Millions of women diagnosed with breast cancer have chosen the normal treatment path: surgery, chemo, radiation, hormone therapy. This standard protocol has a scientific basis. It usually works. It can be a long haul, but it’s sent hundreds of thousands of us back into the mainstream, working, mothering, being friends and members of communities, and living our lives.
Some women, though, have chosen a different path. Be it a macrobiotic diet, the healing power of essential fatty acids, or the “Miracle Herb from the Rain Forest of Peru,” there are outside-the-mainstream answers to cancer that resonate with a certain percentage of the population.
There may be scientific reason to believe in these as-yet-unproven treatments. The chemotherapy drug Taxol, after all, is a derivative of the yew tree. What other trees or herbs or flowers contain a natural substance that might someday become a cancer preventive or cure?
And there are other reasons women diagnosed with breast cancer may choose to forego surgery, chemo, radiation, drugs… or all of those options.
Some have a deep belief in the mind-body connection, and the mind’s ability to direct and accomplish physical healing. Some follow a religion — Christian Scientists spring to mind — that espouses healing without the intervention of medicine. And some mistrust science so fully that their only option is an alternative route. Even if that alternative route is “do nothing.”
This is how I feel about alternative treatment, personally: I don’t believe it would have worked for me.
I have faith in the mind-body connection, and the healing power of God. But I also believe in medicine. So when it came to fighting cancer, I called on every resource I knew – Reiki, God, and medicine.
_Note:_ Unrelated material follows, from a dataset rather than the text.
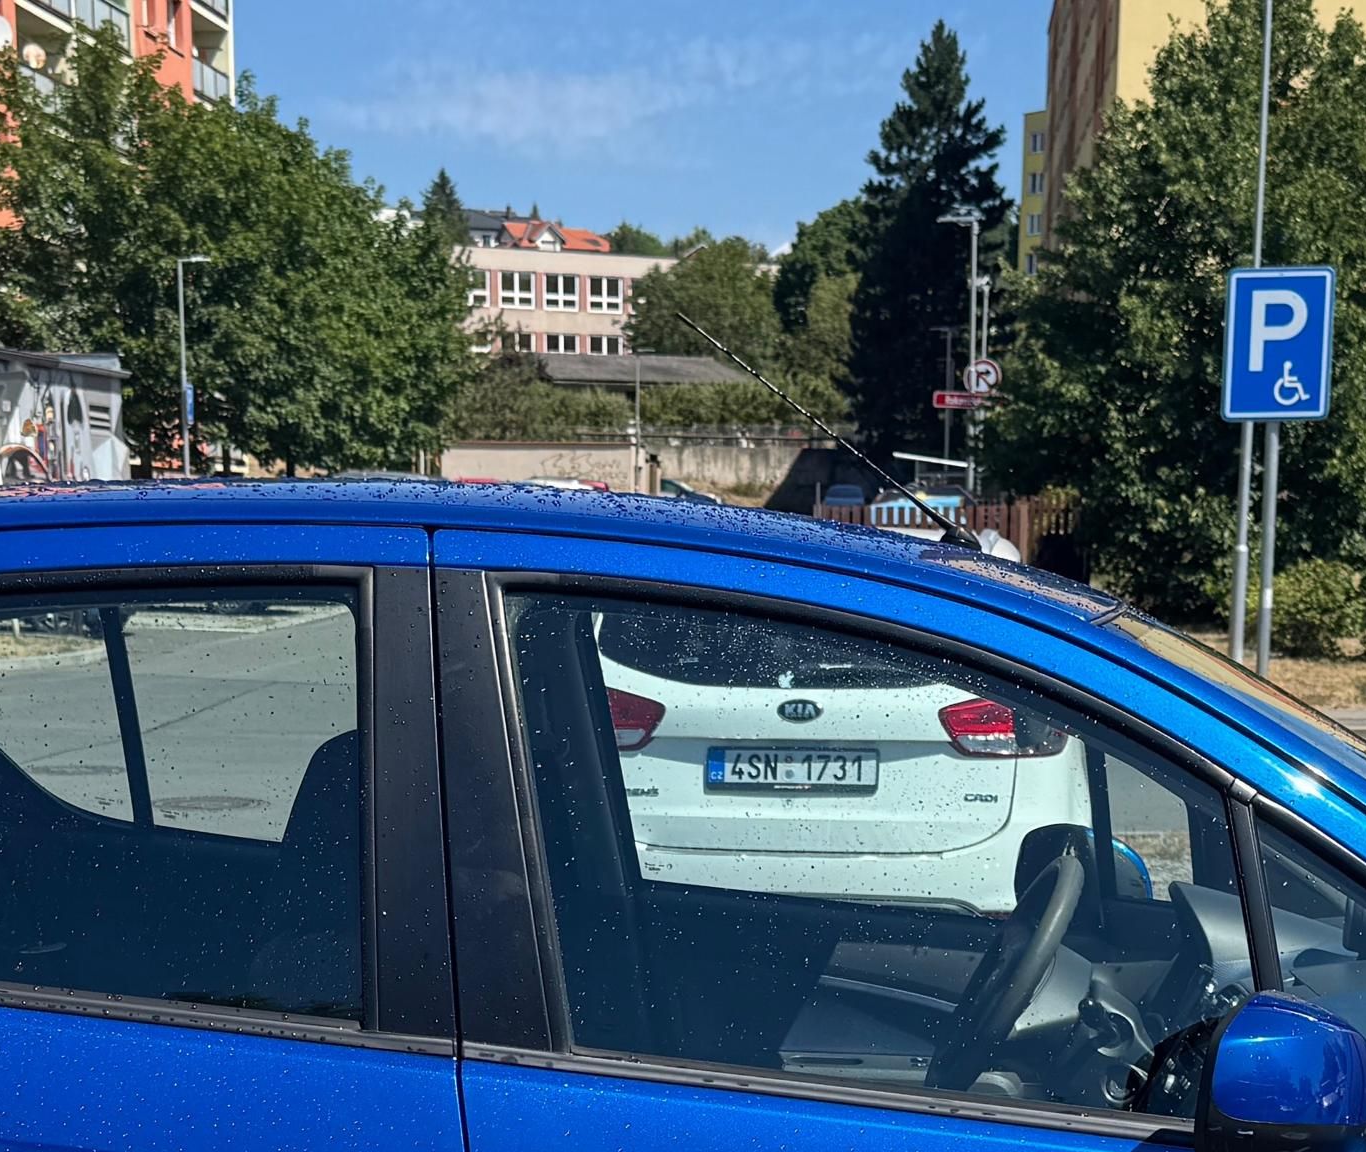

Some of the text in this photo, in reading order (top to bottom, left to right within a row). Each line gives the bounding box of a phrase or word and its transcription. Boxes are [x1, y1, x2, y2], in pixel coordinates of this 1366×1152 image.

[1248, 290, 1308, 372] P
[785, 703, 816, 718] KIA
[710, 772, 723, 780] CZ
[731, 753, 864, 782] 4SN 1731
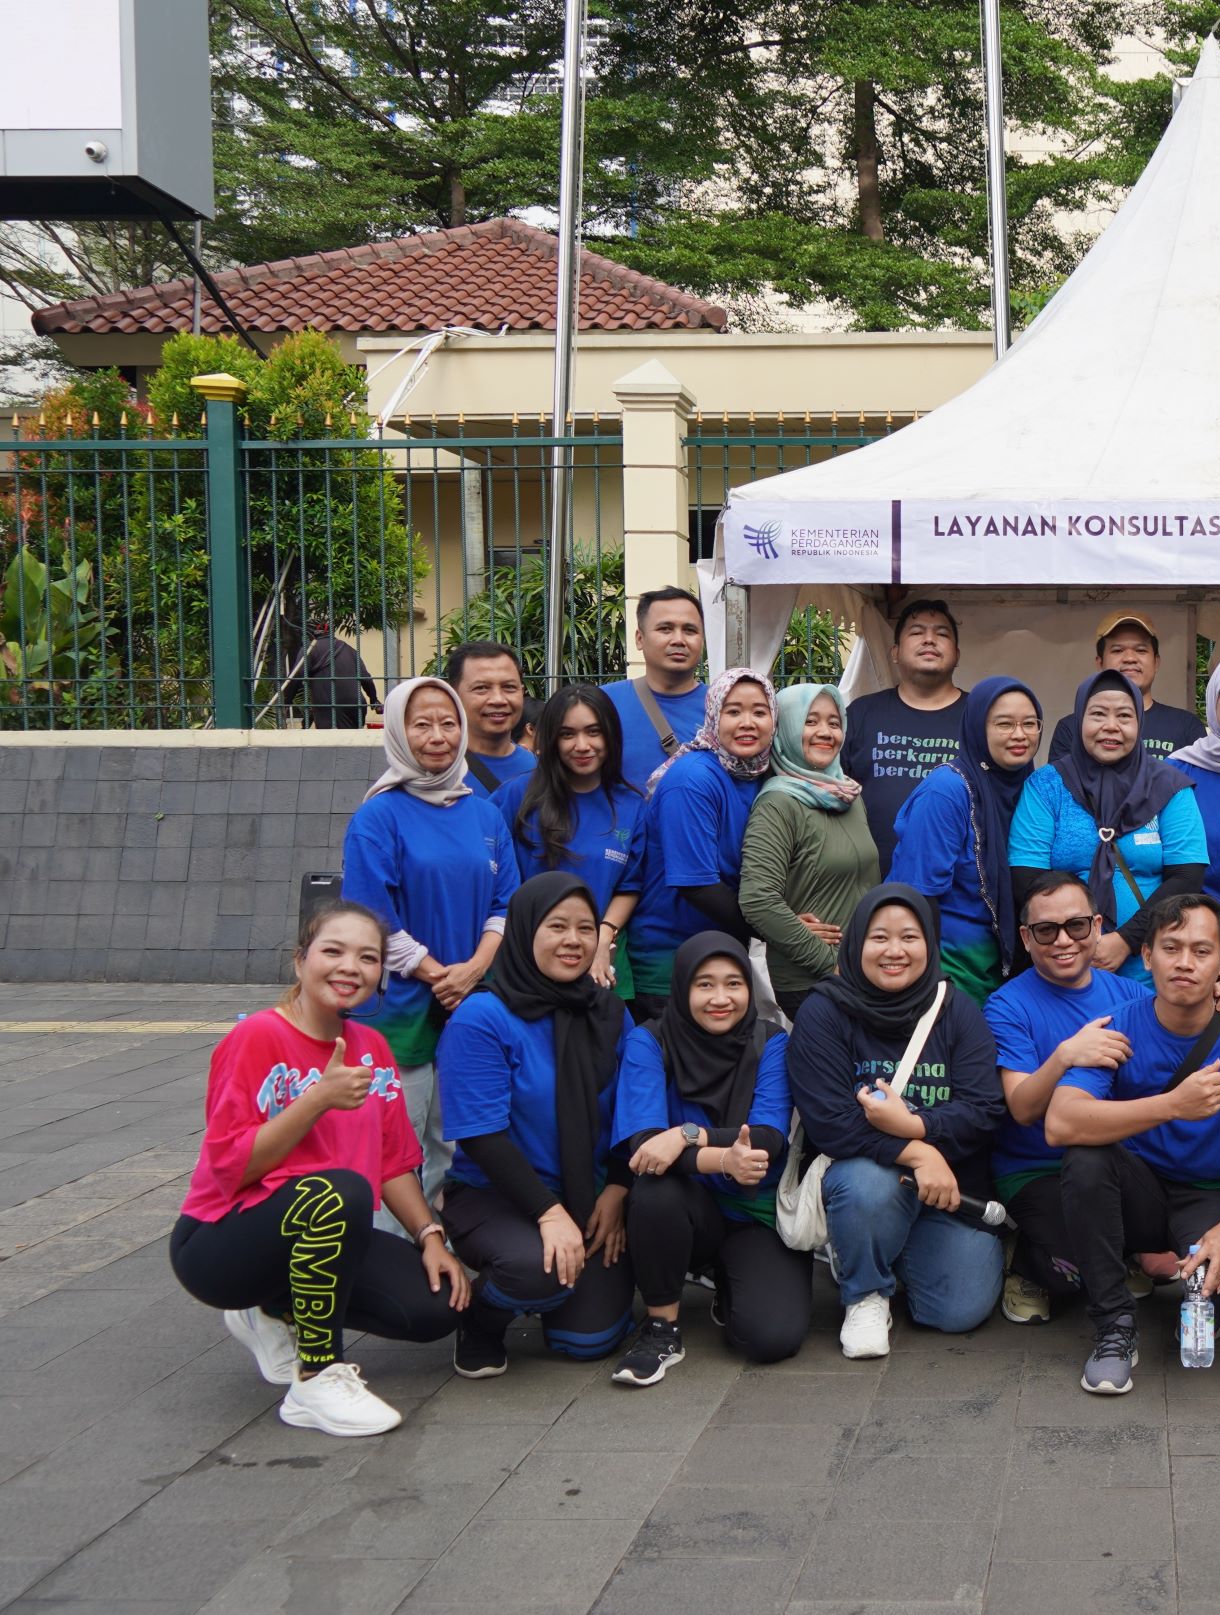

And this is how I feel about alternative treatment in general: If you’re a woman who’s chosen marine phytoplankton over radiation, it’s absolutely your choice. As we’ve heard so often, commenting on our American democracy, I don’t agree with what you say; but I’ll defend to the death your right to say it.
I do, however, feel very conflicted about a woman’s right to determine her own treatment when children are involved.
Friends, siblings, colleagues, a partner, parents — the adult community we all live in — can be dealt with, when it comes to your decision to forego standard cancer treatment. The discussion won’t be free of emotion, certainly; and it may create rifts that never heal. But adults can reason; adults can guide their destiny, and choose their attitude.
Not so children.
If you have young children, you’re not only a mother. You’re the sun that rises and sets. You’re the compass that points the way; warmth when it’s cold. The knight that slays those scary dragons under the bed. And so much more.
In short, you’re the world to your children. The only world they know.